DUBAI — A single year in college, training by professionals and the chance to get a job immediately — that’s what seems to be enticing students to enroll into quick diploma programmes.



By Afshan Ahmed

Published: Wed 15 Apr 2009, 10:42 PM

Last updated: Thu 2 Apr 2015, 9:15 AM

Vocational institutes have noticed a rise in students who are looking for courses that are affordable, won’t take years to complete and present hands-on experience to break into the industry once the economy stabilises.

“I was planning to join a regular graduate programme but thought against it. I want to do something specific that won’t take long. Anyway, organisations here look for experience that I will acquire during the course,” said Comfort Nafuna, a high school passout who has opted for a Diploma in Sound Engineering at the SAE institute in Dubai.

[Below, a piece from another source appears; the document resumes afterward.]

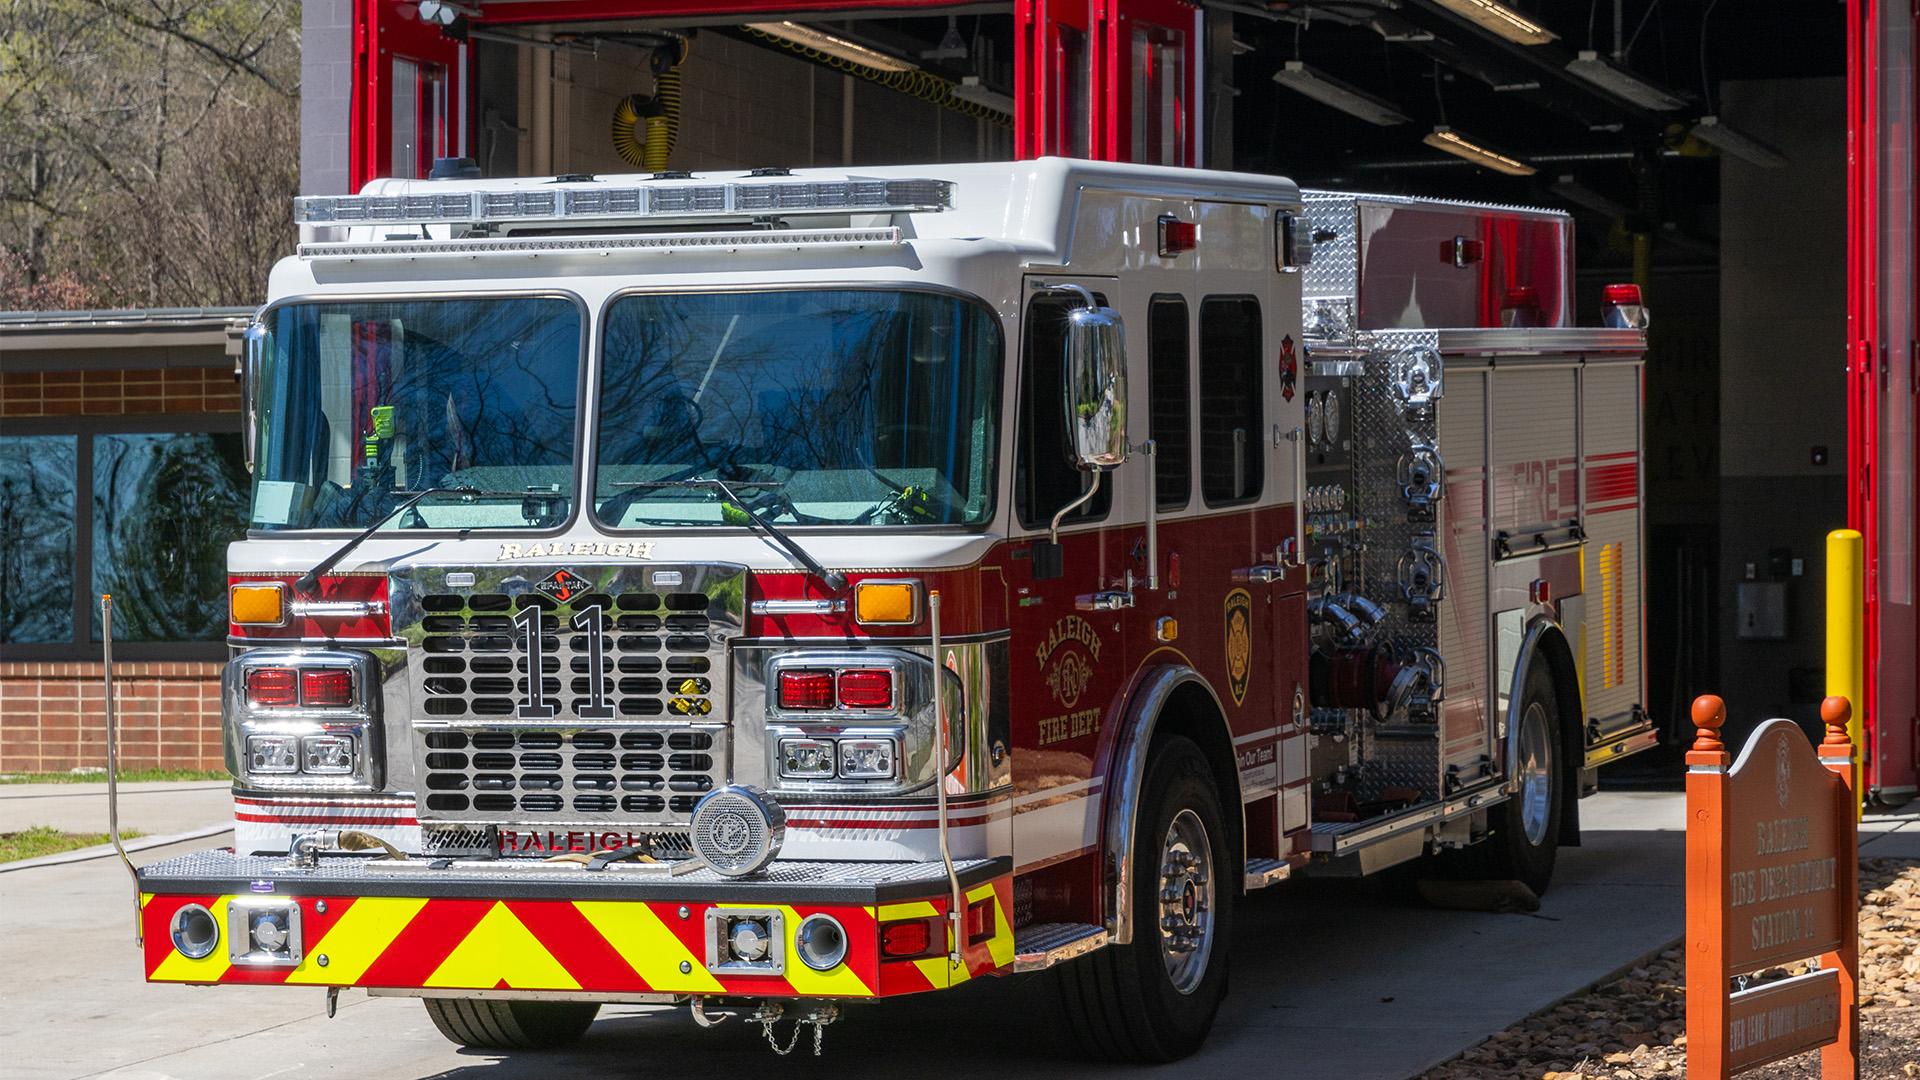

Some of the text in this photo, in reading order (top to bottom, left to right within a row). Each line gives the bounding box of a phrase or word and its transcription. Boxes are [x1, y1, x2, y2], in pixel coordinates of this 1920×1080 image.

“Within a few months I will be working, as ensured by my institute,” seconds Arab national Rana Khatib.

“In boom times one should train, but in recession one must train and fast,” said Nowshir Engineer, Founder, Director of EMDI Institute of Media and Communication that is housed along with several training institutes at the Dubai Knowledge Village.

The institute offers year-long specialised courses, introducing students to the practicalities of the industry. “Professionals who have lost their jobs are looking for skill upgrades and do not want three year courses and now young school passouts also equate education to employment. So they ask: if I take this course will it guarantee me a job,” said Engineer.

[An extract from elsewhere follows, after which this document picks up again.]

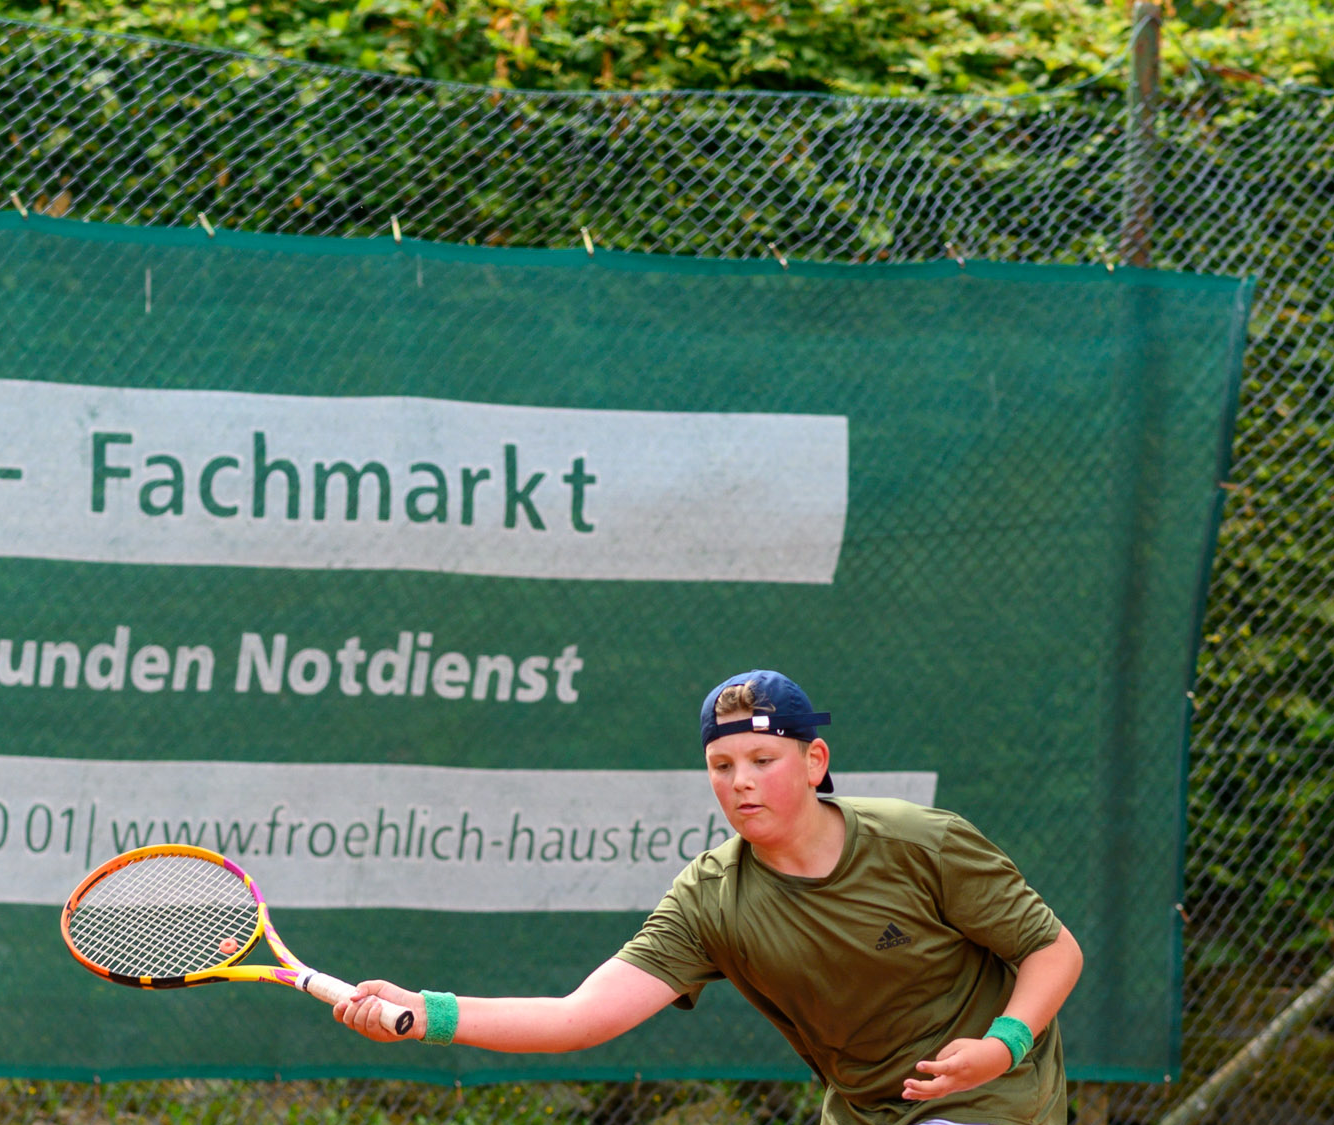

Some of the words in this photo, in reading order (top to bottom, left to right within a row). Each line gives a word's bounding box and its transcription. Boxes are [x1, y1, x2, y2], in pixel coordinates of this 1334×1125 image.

[91, 430, 597, 533] Fachmarkt
[234, 630, 584, 703] Notdienst
[111, 804, 729, 862] www.froehlich-haustech
[875, 935, 912, 951] adidas

Most of the courses come as a part time option that does not bind students to rigid modules and are evening based for the convenience of office goers.

“It’s almost like an a la carte option. Students can shrink or extend their course according to their convenience,” said Asif Iqbal, IT trainer at Arabian Vocational Training Center in Dubai. The centre provides courses in Applied Information Technology and Diplomas in Business Administration.

Industry interface forms an integral feature of these institutes that follow an Experience Transfer Approachto training.

“I got the opportunity to work for the Dubai International Film Festival through the institute, as the organiser was a guest faculty. Now, that has become an added experience on my CV,” said Jagruti Narwani, a student of EMDI on the avenues that have opened up for her.

Eikon Institute in Dubai offers hospitality management courses, organises industry visits for students.

“A five month internship is compulsory to attain a diploma,” said Chanda Nair, programme coordinator of the Institute that is affiliated to the American Hotel and LodgingEducational Institute.